Domain 1 Flashcards
Security Principles
What does the CIA Triad stand for?
Confidentiality, Integrity, Availability.
Define confidentiality in the CIA Triad.
Protecting data from unauthorized access while permitting access to authorized users.
What is integrity in the context of the CIA Triad?
Ensuring data is complete, accurate, and consistent.
What is the main focus of availability in the CIA Triad?
Providing timely and reliable access to data for authorized users.
What is privacy?
The right of individuals to control their personal information.
What are the three common methods of authentication?
Something you know (passwords), something you have (tokens), and something you are (biometrics).
What is non-repudiation?
Preventing denial of actions like sending messages or creating information.
Name the four risk treatment options.
Avoidance, Acceptance, Mitigation, Transfer.

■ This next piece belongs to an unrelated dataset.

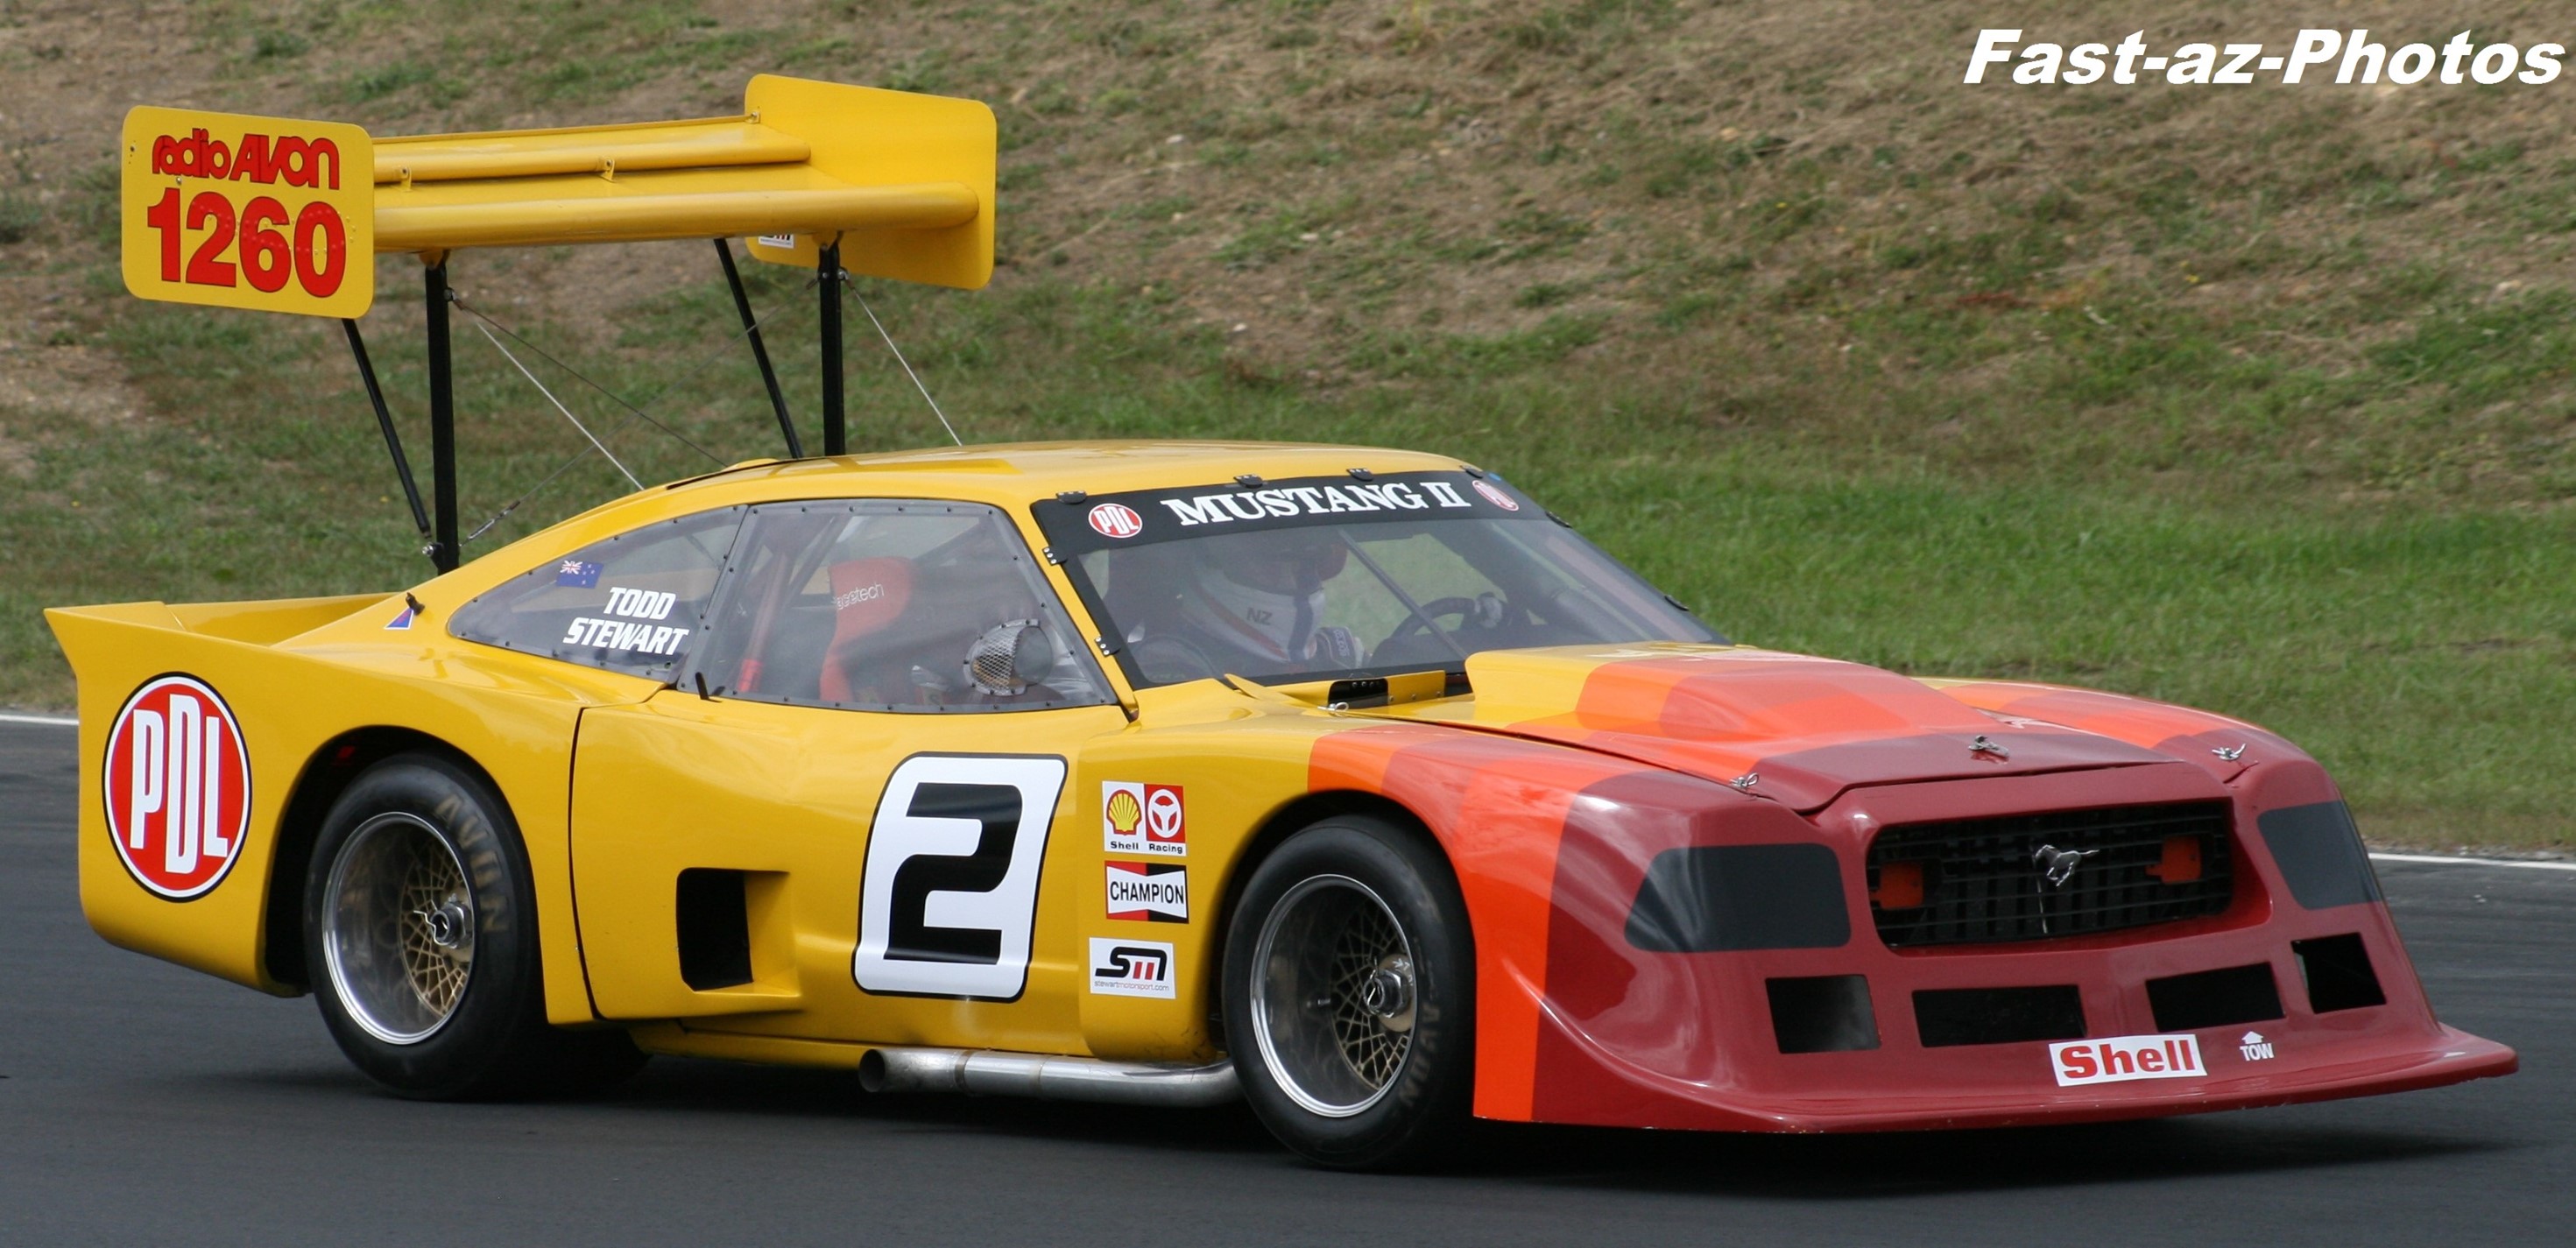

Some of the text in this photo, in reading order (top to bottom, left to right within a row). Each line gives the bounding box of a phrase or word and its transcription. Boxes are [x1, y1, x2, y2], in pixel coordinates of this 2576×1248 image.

What is a risk matrix used for?
Prioritizing risks based on likelihood and impact.
List the three types of security controls.
Physical, Technical, Administrative.
What is the purpose of administrative controls?
To govern human behavior and decision-making.
Provide an example of a regulation with international implications.
GDPR (General Data Protection Regulation).
What are procedures in governance?
Detailed steps to accomplish tasks, ensuring consistent execution.
What is risk tolerance?
An organization’s appetite for risk, determined by executive management or the board.
Define data integrity.
Ensuring data has not been altered in an unauthorized manner and is accurate and consistent.
What is risk transference?
Shifting the financial impact of a risk to a third party, such as through insurance.
Give an example of a technical control.
Firewalls, intrusion detection systems, and access controls.
What is the primary goal of risk assessment?
To identify, estimate, and prioritize risks to the organization.
Explain the term Personally Identifiable Information (PII).
Data about an individual that can be used to identify them.
Why is availability critical for business operations?
Ensures authorized users can access data and systems when needed.
What does sensitivity measure in data classification?
The importance assigned to information based on its need for protection.
Name two examples of administrative controls.
Security policies and employee training programs.
How is a baseline used in maintaining system integrity?
It serves as a reference point to compare the current state and detect changes.
What is criticality in the context of availability?
The importance an organization assigns to data or systems for its operations.